* **Task objective**
Restate word for word every entry that appears below, skipping its pictures.

* **Given records**
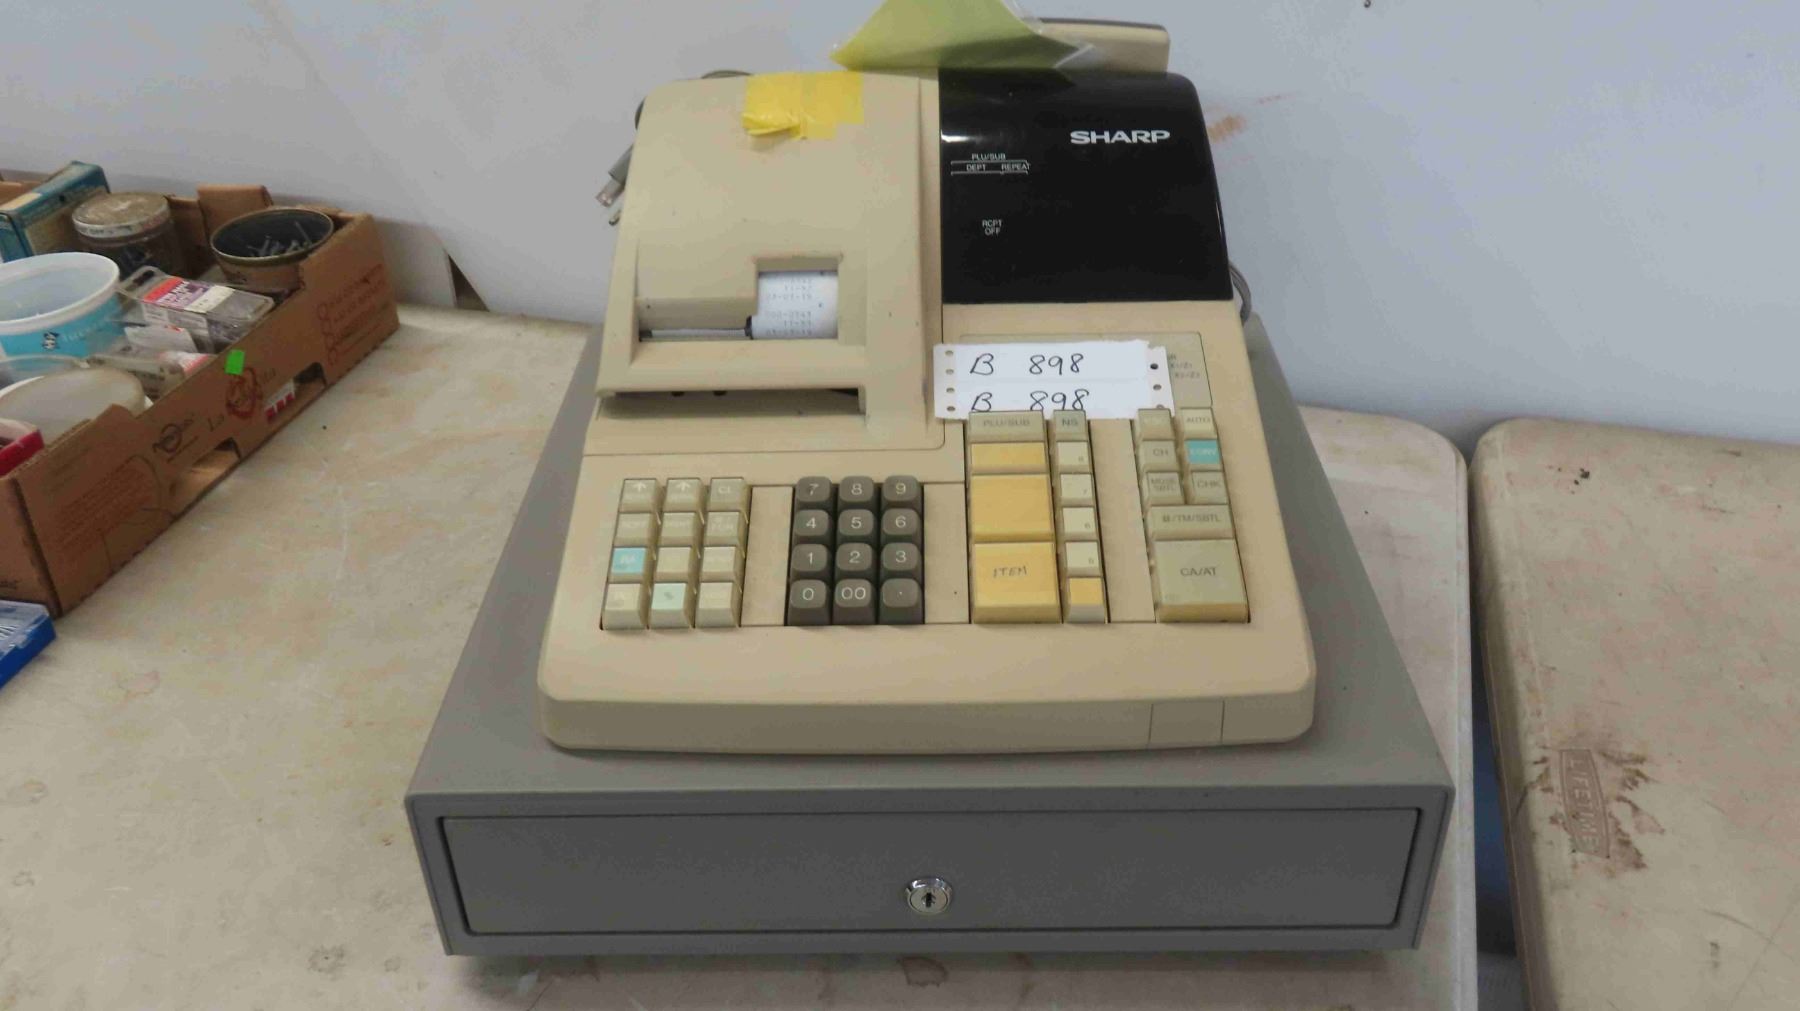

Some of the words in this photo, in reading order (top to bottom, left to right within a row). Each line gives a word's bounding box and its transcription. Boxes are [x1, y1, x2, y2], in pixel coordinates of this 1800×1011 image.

[1070, 130, 1170, 144] SHARP
[982, 219, 1003, 227] RCPT
[985, 228, 1001, 236] OFF
[970, 352, 995, 376] B
[1028, 352, 1085, 376] 898
[971, 391, 993, 413] B
[1029, 388, 1090, 412] 898
[1061, 418, 1079, 427] NS
[1152, 448, 1169, 457] CH
[809, 483, 820, 496] 7
[850, 483, 863, 495] 8
[895, 482, 907, 495] 9
[1197, 479, 1222, 489] CHK
[806, 517, 817, 529] 4
[850, 516, 862, 529] 5
[895, 516, 907, 528] 6
[807, 552, 814, 565] 1
[849, 550, 861, 563] 2
[895, 550, 907, 563] 3
[991, 565, 1028, 579] ITEM
[1180, 567, 1218, 577] CA/AT
[802, 588, 815, 600] 0
[841, 586, 867, 600] 00
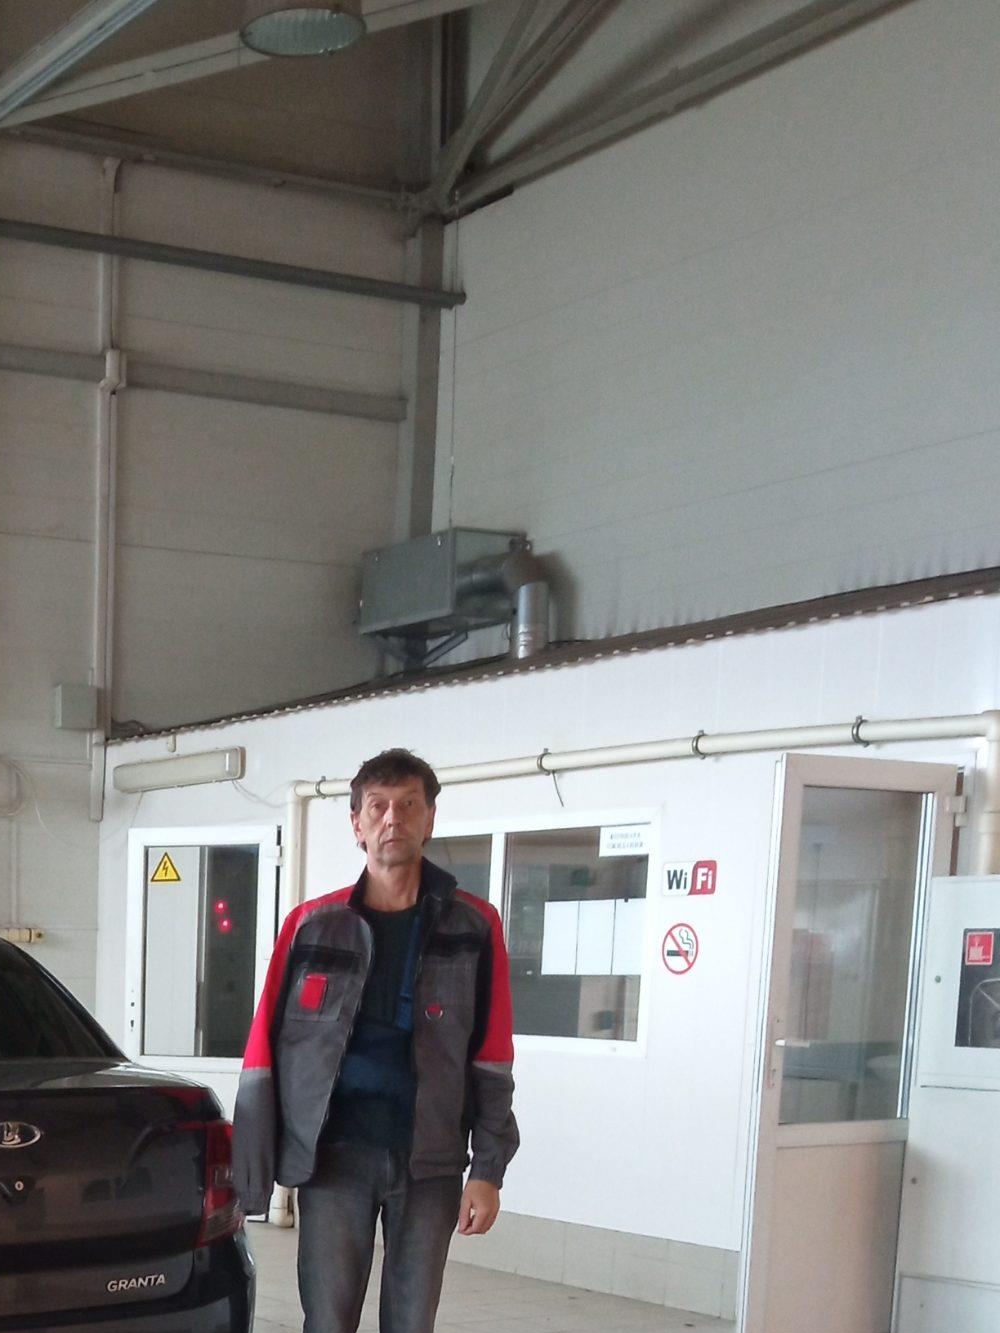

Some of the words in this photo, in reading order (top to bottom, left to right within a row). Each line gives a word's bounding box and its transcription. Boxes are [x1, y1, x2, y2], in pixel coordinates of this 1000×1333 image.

[666, 868, 688, 891] Wi
[695, 866, 714, 891] Fi
[107, 1274, 167, 1293] GRANTA
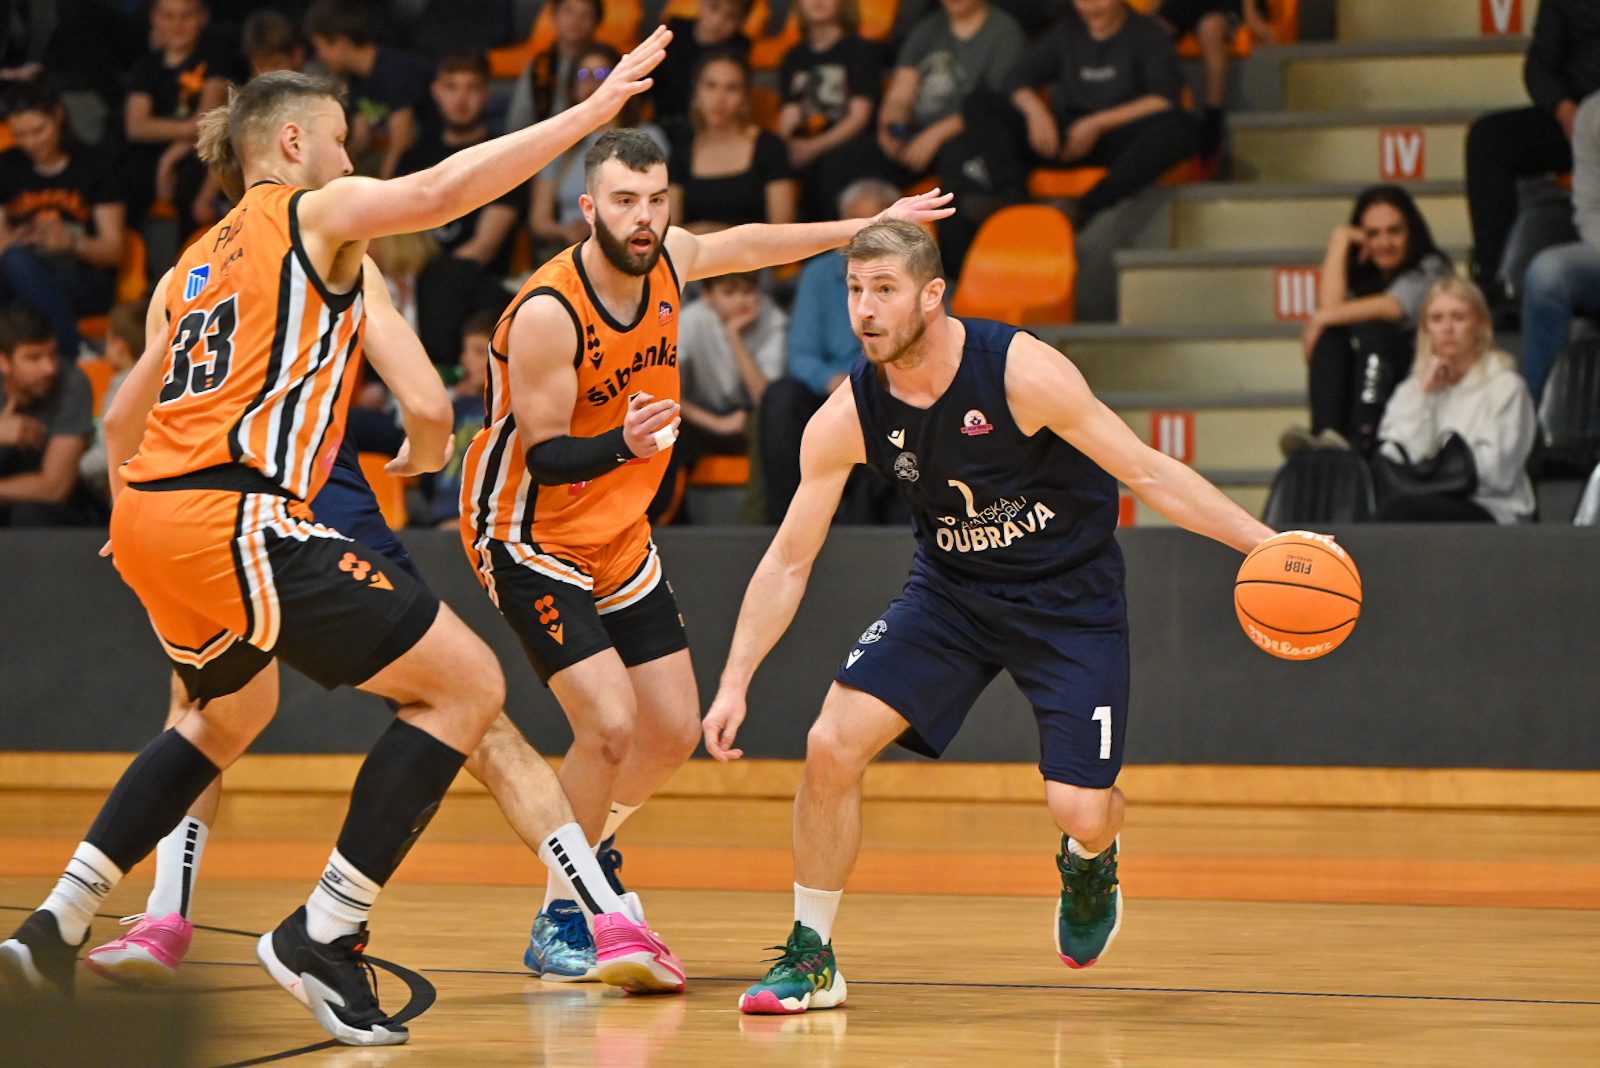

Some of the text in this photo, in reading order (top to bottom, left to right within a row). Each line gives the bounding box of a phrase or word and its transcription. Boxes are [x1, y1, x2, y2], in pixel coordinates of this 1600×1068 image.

[1490, 0, 1513, 32] V
[1384, 134, 1421, 174] IV
[1280, 271, 1314, 314] III
[159, 293, 239, 405] 33
[1161, 414, 1185, 459] II
[936, 501, 1056, 553] DUBRAVA
[1284, 560, 1313, 575] FIBA
[1091, 705, 1112, 760] 1
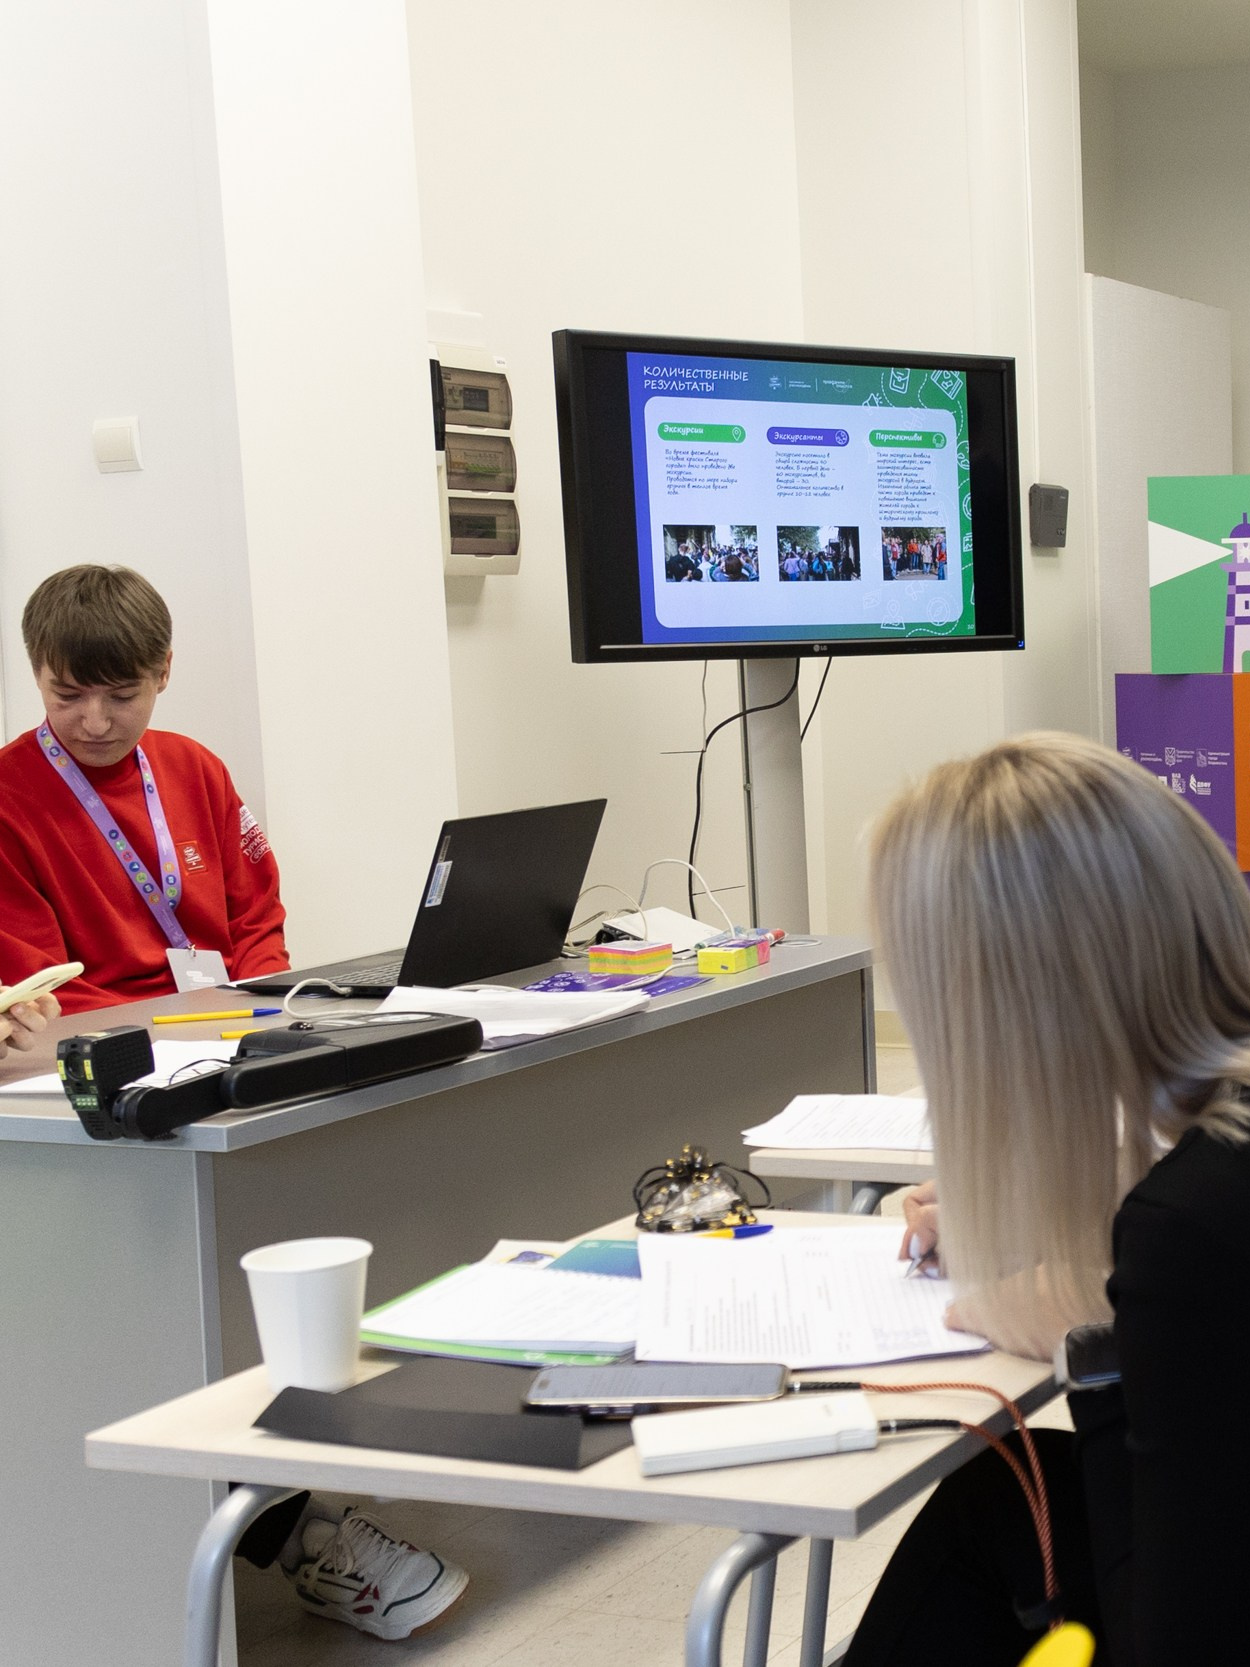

* **Answer to the problem**
Some of the words in this photo, in reading order (top to bottom, left to right within a row). Each line gives a word's bounding box and its transcription. Boxes are [x1, y1, x2, y2], in pixel coordinates of this 1800×1011 image.

[1070, 130, 1170, 144] SHARP
[982, 219, 1003, 227] RCPT
[985, 228, 1001, 236] OFF
[970, 352, 995, 376] B
[1028, 352, 1085, 376] 898
[971, 391, 993, 413] B
[1029, 388, 1090, 412] 898
[1061, 418, 1079, 427] NS
[1152, 448, 1169, 457] CH
[809, 483, 820, 496] 7
[850, 483, 863, 495] 8
[895, 482, 907, 495] 9
[1197, 479, 1222, 489] CHK
[806, 517, 817, 529] 4
[850, 516, 862, 529] 5
[895, 516, 907, 528] 6
[807, 552, 814, 565] 1
[849, 550, 861, 563] 2
[895, 550, 907, 563] 3
[991, 565, 1028, 579] ITEM
[1180, 567, 1218, 577] CA/AT
[802, 588, 815, 600] 0
[841, 586, 867, 600] 00

Some of the words in this photo, in reading order (top to bottom, left to right within a row). Each line gives a word's bounding box and its transcription. Boxes are [x1, y1, x2, y2], in pixel coordinates of this 1000×1333 image.

[666, 868, 688, 891] Wi
[695, 866, 714, 891] Fi
[107, 1274, 167, 1293] GRANTA

Some of the text in this photo, in reading order (top to bottom, left to right within a row). Each line gives the bounding box of a phrase or word and its transcription. Boxes are [x1, y1, x2, y2], in pixel coordinates of this 1600×1068 image.

[1490, 0, 1513, 32] V
[1384, 134, 1421, 174] IV
[1280, 271, 1314, 314] III
[159, 293, 239, 405] 33
[1161, 414, 1185, 459] II
[936, 501, 1056, 553] DUBRAVA
[1284, 560, 1313, 575] FIBA
[1091, 705, 1112, 760] 1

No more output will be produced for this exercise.